Last week, my dad had a heart procedure done at the hospital.
I anxiously waited for hours in the waiting room, the way you do when your only surviving parent is having a heart procedure done.
Finally, my dad’s doctor came into the waiting room to tell me that everything went smoothly and my dad was doing really well. As soon as he woke up, I was called back to the recovery room to see him.
Something about seeing my dad, my only surviving parent, lying in a hospital bed, in a hospital gown, with wires connected to various things, made me really sad.
The nurse asked me to help feed my dad, as he was not allowed to move or sit up for a few hours. She explained how to bring the food and drink to him without allowing him to sit up at all and I confidently thought, “Well, I have some experience with this.”
I picked up the drink and brought it toward his mouth, bending the straw and pressing it to his lips, and I was suddenly overcome with emotion.
My dad looked up at me, his eyes flooding with tears, and said, “Reminds me of taking care of Mom.”
I said, “I know, Dad. I thought the same exact thing.”
And we both just sat there for a few minutes, holding back our tears while also acknowledging the reason for them.

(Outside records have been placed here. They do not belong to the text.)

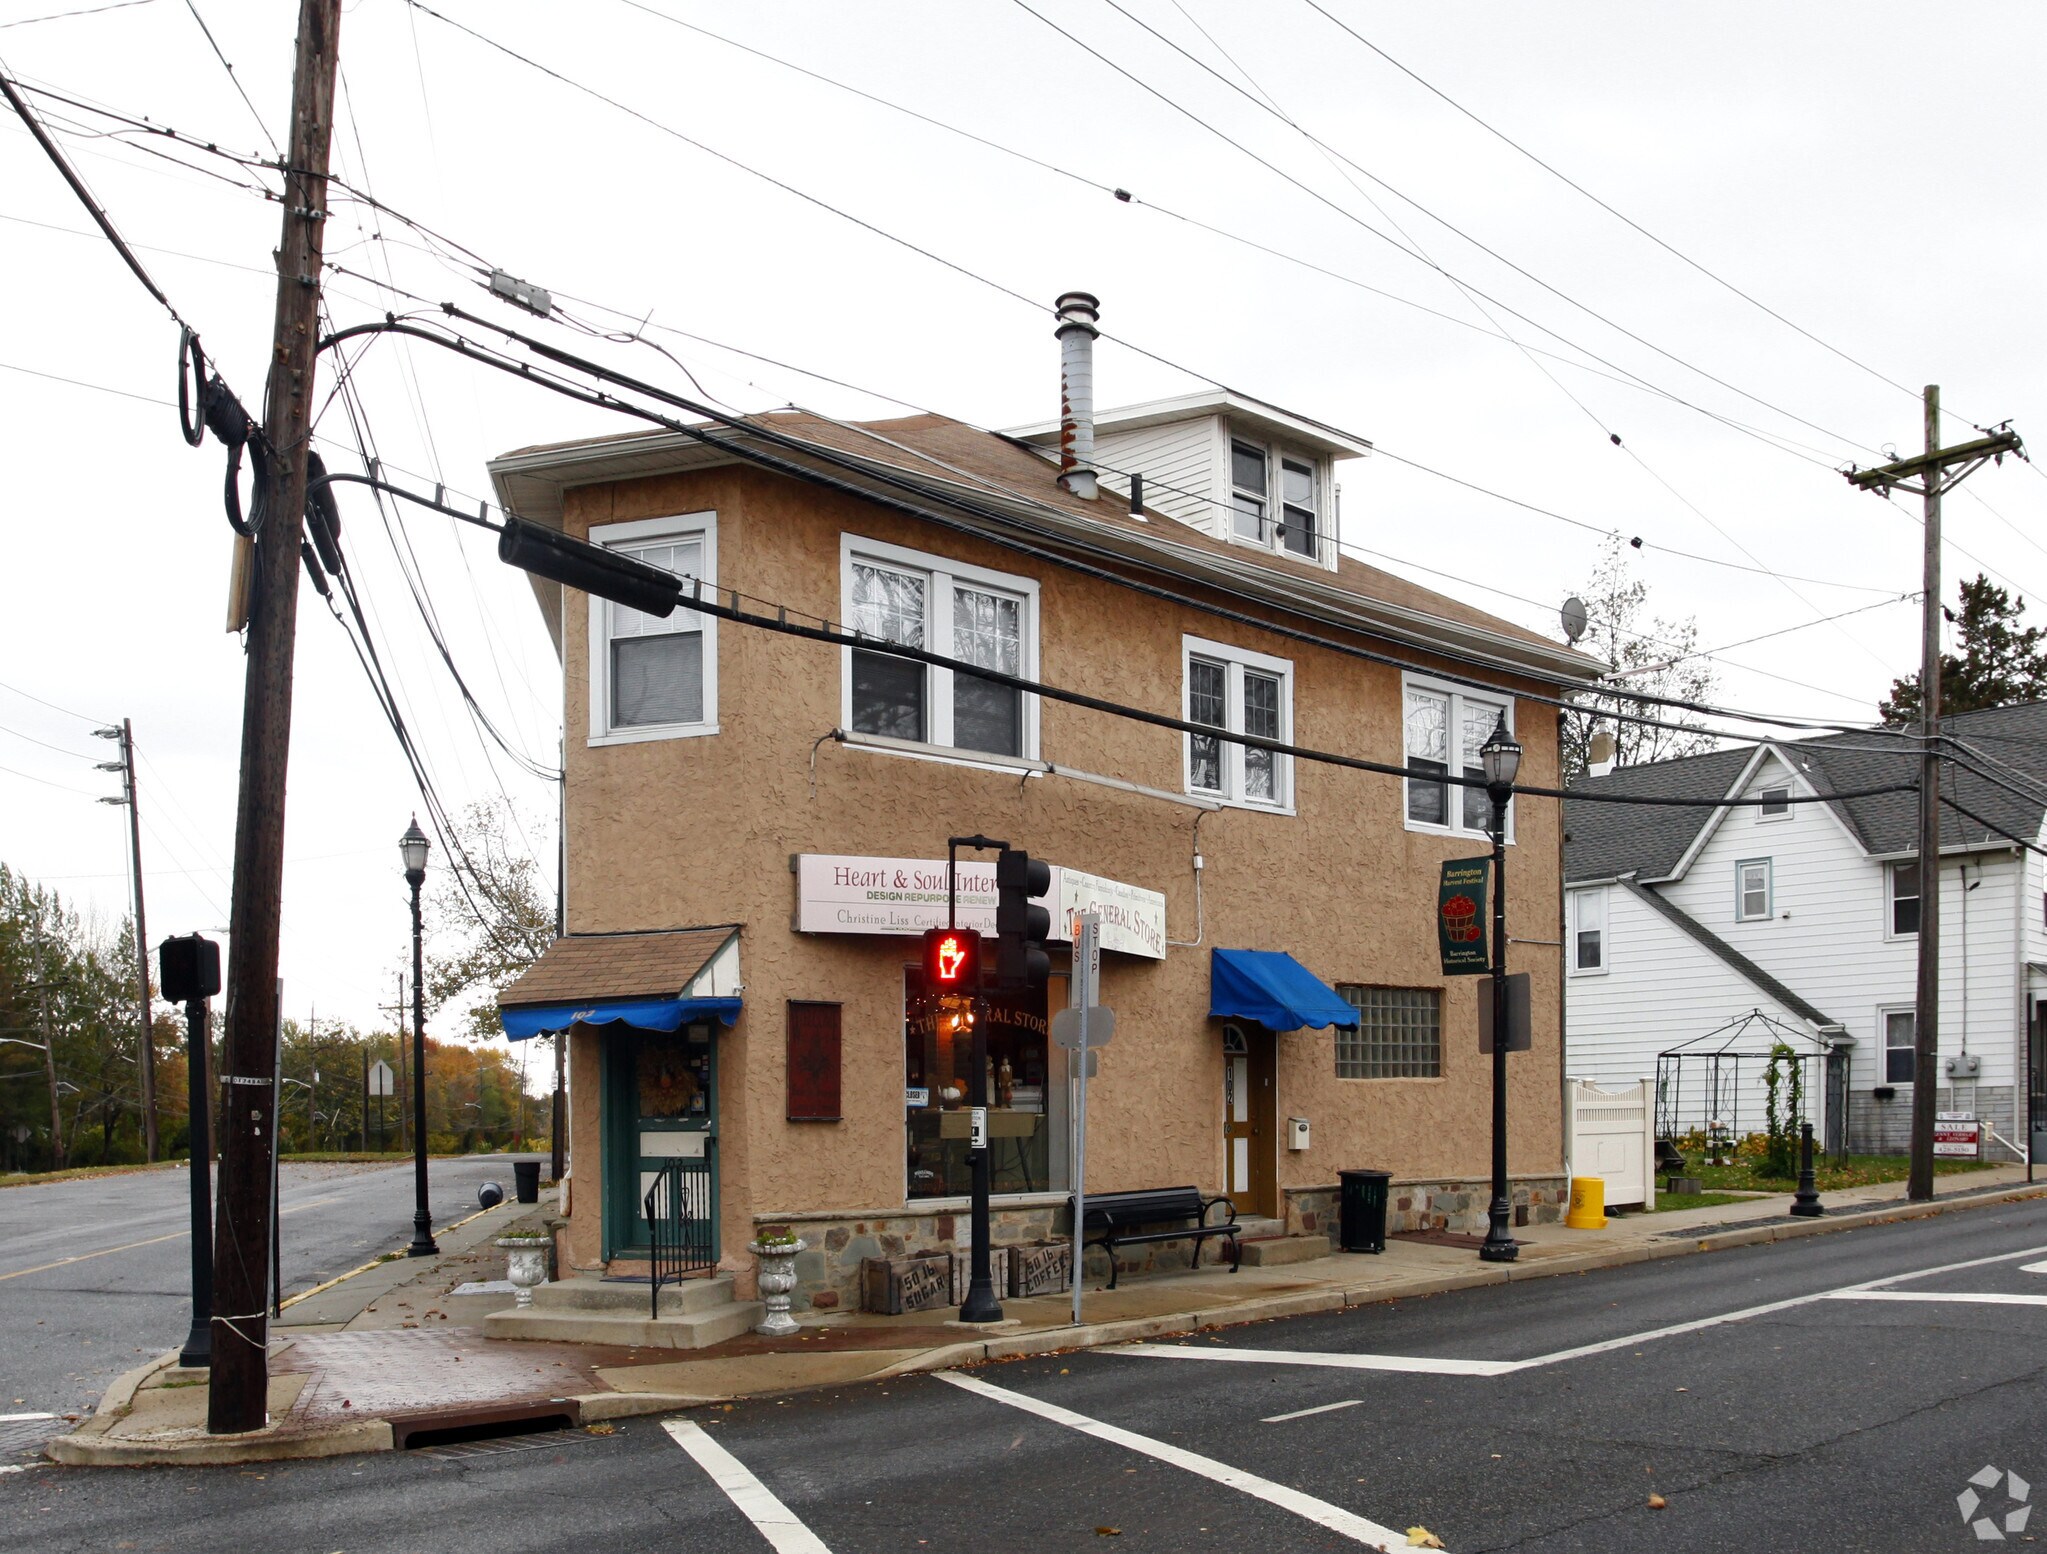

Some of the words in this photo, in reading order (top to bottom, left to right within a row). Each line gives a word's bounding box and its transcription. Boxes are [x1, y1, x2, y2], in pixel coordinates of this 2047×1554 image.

[833, 866, 887, 888] Heart
[893, 869, 909, 889] &
[914, 862, 950, 890] Soul
[955, 872, 998, 893] Inter
[1446, 868, 1482, 878] Barrington
[866, 890, 903, 901] DESIGN
[904, 892, 962, 904] REPURPOE
[963, 895, 997, 905] RENEW
[837, 909, 887, 925] Christine
[890, 911, 909, 926] Liss
[1133, 910, 1162, 956] STORE
[570, 1009, 596, 1020] 102
[1014, 1010, 1048, 1036] STOR
[1026, 1254, 1067, 1292] COFFEE
[905, 1274, 945, 1309] SUGAR

Grief never ceases to amaze me.
It comes.
It goes.
It hovers.
It follows.
But it also brings us together in seemingly insignificant moments like when a daughter is helping her dad to drink and they catch each other’s gaze, tears filling their eyes, and pause for just a moment as if to say, “Me, too.”
And for those moments, I am grateful, for they remind me that I am not alone.

Your blog reminds me that I’m not alone and I thank you for that.
Thank you so much! That means a lot to me!